Thanks to supplying kegs of homebrew for our neighborhood block party about 5 months ago, I happened to get connected with a local company in Wisconsin that has been trying to find a way into the homebrew industry by developing and providing canning equipment.  I was able to go "tour" their factory and was shown a number of different canning mechanisms they were developing and/or distributing at a commercial level (I believe Oskar Blues, if I'm recalling correctly is one of their customers).  We walked through pallets of cans and spent hours discussing homebrew canning vs. bottling.  I was offered the opportunity to take and test the canning sealer and a labeler anytime I wanted at the expense of any feedback that I could offer.  I have yet to take them up on this offer, but they may be the solution some of you are looking for here.  It's expensive no matter what, but they do have a cheaper manual sealer and were willing to ship smaller amounts of cans.  The biggest CON and the main reason I haven't attempted it yet is because it honestly seems just as labor intensive as bottling.  Cans will need to be clean and sanitized just like bottles, you'll need to have a kegging setup (or at least I'd suggest it) and a beer gun of sorts to fill one can at a time, just like bottles.  Nothing was automated (besides the sealer which still requires you to place and remove one can at a time) if you wanted to pay for that feature.  We discussed the potential of marketing it to homebrew shops as a possible service, but there's all kinds of variables that would worry me on that front as well (wouldn't it suck to can your barrel aged stout right after the last homebrewer canned his American Wild Ale and failed to clean/sanitize the canning equipment leading to an eventual infection of your stout).

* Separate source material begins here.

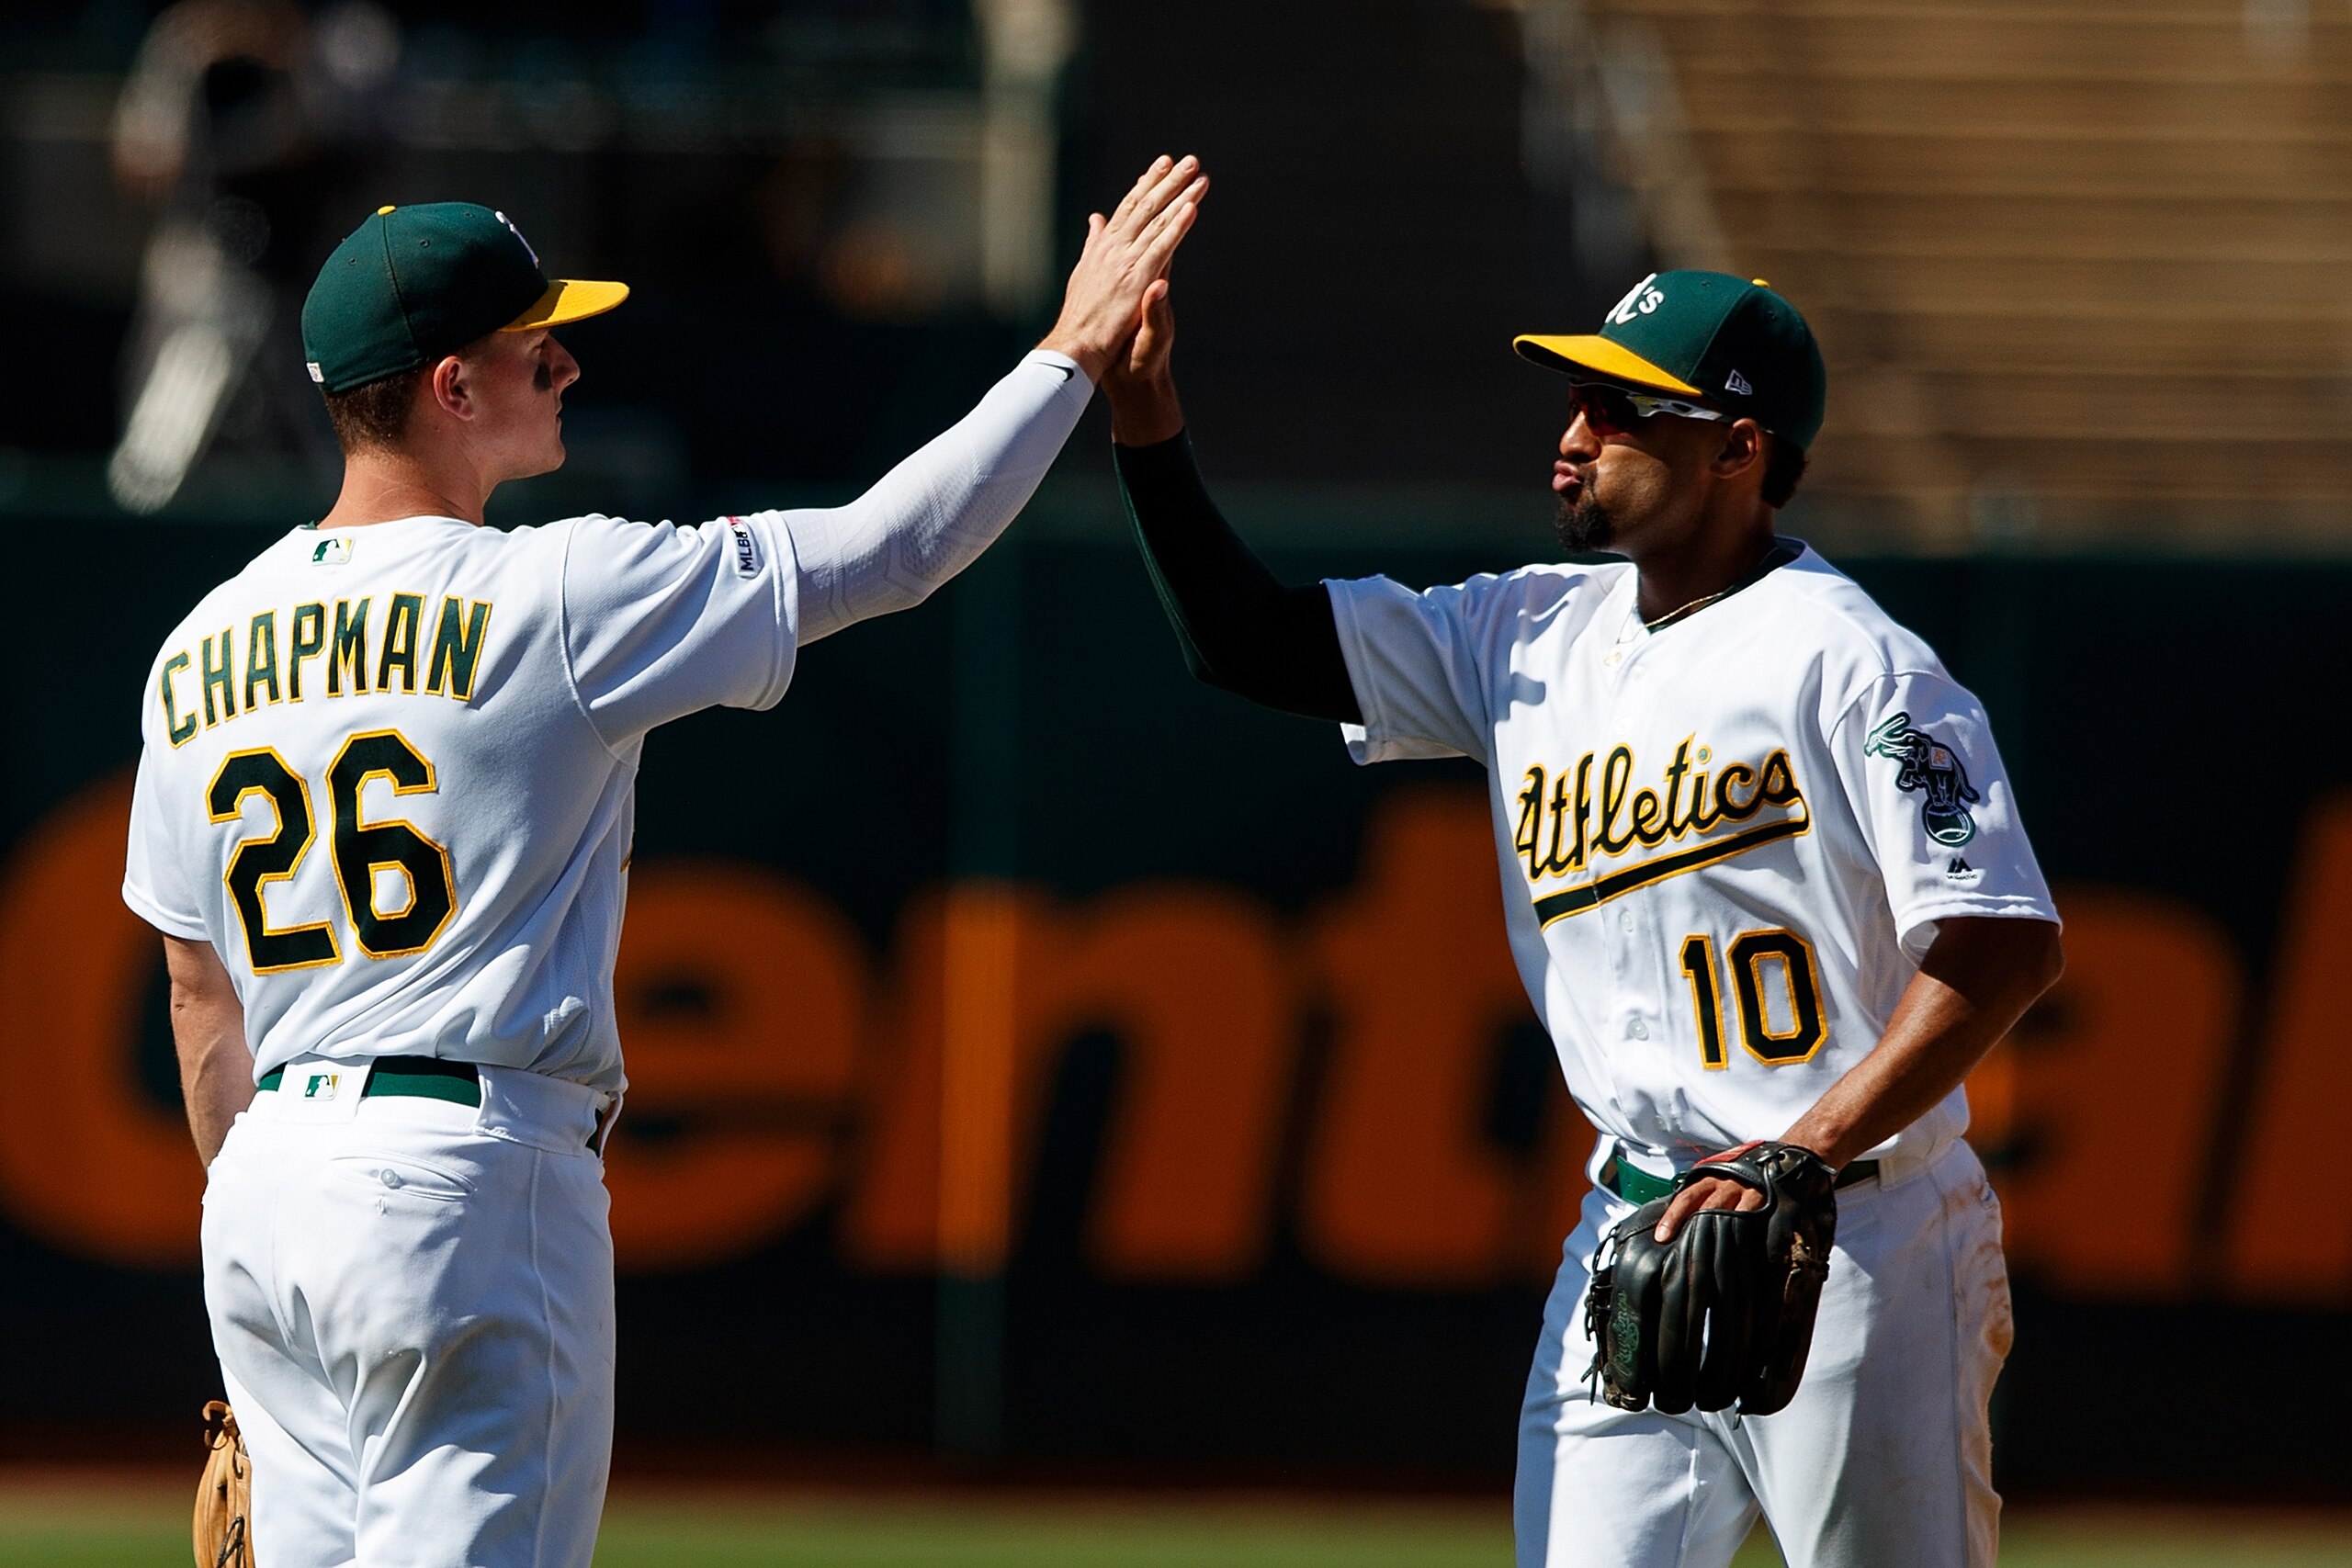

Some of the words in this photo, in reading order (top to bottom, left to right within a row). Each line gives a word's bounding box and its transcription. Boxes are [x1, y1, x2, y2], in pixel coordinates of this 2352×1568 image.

This video would be a good example of what your canning day might look like minus the wonderful automated canning line that this brewer got to use.

https://www.youtube.com/watch?v=6LUkyN8p-6Y&app=desktop

I'll certainly follow up if I give it a shot and if somebody is really interested in this setup (which is honestly no different than the crowler equipment found in many brew pubs...just cheaper) let me know and I can get some prices again.